[Records from a data collection]
☆ ☆ ☆ ☆ ☆ ☆ ☆
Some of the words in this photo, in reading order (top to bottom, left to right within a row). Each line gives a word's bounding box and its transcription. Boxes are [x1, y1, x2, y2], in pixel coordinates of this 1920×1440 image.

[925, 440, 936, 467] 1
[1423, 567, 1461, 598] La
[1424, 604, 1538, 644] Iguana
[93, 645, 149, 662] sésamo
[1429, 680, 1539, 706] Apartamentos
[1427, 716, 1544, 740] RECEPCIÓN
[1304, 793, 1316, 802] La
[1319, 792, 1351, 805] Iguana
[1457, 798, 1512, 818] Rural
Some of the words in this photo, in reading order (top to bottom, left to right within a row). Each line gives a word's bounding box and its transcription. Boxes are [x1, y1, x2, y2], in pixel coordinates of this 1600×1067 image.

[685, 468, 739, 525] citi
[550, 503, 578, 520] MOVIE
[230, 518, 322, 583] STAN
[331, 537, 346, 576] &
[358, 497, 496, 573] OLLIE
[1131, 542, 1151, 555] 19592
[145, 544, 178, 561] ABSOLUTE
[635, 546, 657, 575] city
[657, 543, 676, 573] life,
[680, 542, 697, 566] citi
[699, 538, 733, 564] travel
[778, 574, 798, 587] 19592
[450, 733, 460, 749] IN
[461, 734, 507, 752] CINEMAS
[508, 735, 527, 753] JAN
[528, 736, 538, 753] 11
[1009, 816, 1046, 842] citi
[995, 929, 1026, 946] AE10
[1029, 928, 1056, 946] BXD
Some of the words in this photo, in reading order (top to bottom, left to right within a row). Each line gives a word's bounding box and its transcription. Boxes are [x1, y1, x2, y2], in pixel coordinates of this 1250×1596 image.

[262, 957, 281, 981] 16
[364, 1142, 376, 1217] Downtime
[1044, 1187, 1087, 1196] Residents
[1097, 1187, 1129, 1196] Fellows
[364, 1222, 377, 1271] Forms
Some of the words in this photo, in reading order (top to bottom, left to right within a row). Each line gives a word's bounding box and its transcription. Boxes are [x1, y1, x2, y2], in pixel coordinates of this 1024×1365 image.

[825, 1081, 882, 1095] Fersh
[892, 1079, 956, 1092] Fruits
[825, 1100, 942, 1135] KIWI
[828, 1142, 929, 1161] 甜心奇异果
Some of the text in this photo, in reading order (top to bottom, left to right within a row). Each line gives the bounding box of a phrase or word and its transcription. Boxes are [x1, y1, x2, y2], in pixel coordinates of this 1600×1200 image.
☆ ☆ ☆ ☆ ☆ ☆ ☆
Starting from the line containing "this 1250×1596 image." and ending with the final line of the data, reproduce each line exactly as it appears, including no other lines.

# [Task output]
Some of the words in this photo, in reading order (top to bottom, left to right within a row). Each line gives a word's bounding box and its transcription. Boxes are [x1, y1, x2, y2], in pixel coordinates of this 1250×1596 image.

[262, 957, 281, 981] 16
[364, 1142, 376, 1217] Downtime
[1044, 1187, 1087, 1196] Residents
[1097, 1187, 1129, 1196] Fellows
[364, 1222, 377, 1271] Forms
Some of the words in this photo, in reading order (top to bottom, left to right within a row). Each line gives a word's bounding box and its transcription. Boxes are [x1, y1, x2, y2], in pixel coordinates of this 1024×1365 image.

[825, 1081, 882, 1095] Fersh
[892, 1079, 956, 1092] Fruits
[825, 1100, 942, 1135] KIWI
[828, 1142, 929, 1161] 甜心奇异果
Some of the text in this photo, in reading order (top to bottom, left to right within a row). Each line gives the bounding box of a phrase or word and its transcription. Boxes are [x1, y1, x2, y2], in pixel coordinates of this 1600×1200 image.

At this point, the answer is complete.